### Source data

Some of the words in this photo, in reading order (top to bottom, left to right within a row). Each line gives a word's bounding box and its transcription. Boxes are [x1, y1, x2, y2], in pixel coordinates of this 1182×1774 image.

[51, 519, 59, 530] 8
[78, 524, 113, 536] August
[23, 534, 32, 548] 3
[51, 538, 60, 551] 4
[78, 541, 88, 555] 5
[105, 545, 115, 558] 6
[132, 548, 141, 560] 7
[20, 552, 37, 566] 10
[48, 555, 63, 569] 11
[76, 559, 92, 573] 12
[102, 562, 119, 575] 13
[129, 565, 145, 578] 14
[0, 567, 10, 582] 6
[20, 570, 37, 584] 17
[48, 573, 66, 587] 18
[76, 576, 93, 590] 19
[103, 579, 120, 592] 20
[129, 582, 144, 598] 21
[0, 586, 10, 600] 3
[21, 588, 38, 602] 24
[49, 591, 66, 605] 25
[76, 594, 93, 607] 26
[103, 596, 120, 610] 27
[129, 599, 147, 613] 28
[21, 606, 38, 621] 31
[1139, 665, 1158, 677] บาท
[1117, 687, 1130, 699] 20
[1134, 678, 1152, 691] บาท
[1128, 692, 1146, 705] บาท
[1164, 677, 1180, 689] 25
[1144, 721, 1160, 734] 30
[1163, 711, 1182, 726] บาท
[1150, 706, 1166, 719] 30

### Task details
Each line of the records should be repeated exactly as it stands.

### Problem solution
Some of the words in this photo, in reading order (top to bottom, left to right within a row). Each line gives a word's bounding box and its transcription. Boxes are [x1, y1, x2, y2], in pixel coordinates of this 1182×1774 image.

[51, 519, 59, 530] 8
[78, 524, 113, 536] August
[23, 534, 32, 548] 3
[51, 538, 60, 551] 4
[78, 541, 88, 555] 5
[105, 545, 115, 558] 6
[132, 548, 141, 560] 7
[20, 552, 37, 566] 10
[48, 555, 63, 569] 11
[76, 559, 92, 573] 12
[102, 562, 119, 575] 13
[129, 565, 145, 578] 14
[0, 567, 10, 582] 6
[20, 570, 37, 584] 17
[48, 573, 66, 587] 18
[76, 576, 93, 590] 19
[103, 579, 120, 592] 20
[129, 582, 144, 598] 21
[0, 586, 10, 600] 3
[21, 588, 38, 602] 24
[49, 591, 66, 605] 25
[76, 594, 93, 607] 26
[103, 596, 120, 610] 27
[129, 599, 147, 613] 28
[21, 606, 38, 621] 31
[1139, 665, 1158, 677] บาท
[1117, 687, 1130, 699] 20
[1134, 678, 1152, 691] บาท
[1128, 692, 1146, 705] บาท
[1164, 677, 1180, 689] 25
[1144, 721, 1160, 734] 30
[1163, 711, 1182, 726] บาท
[1150, 706, 1166, 719] 30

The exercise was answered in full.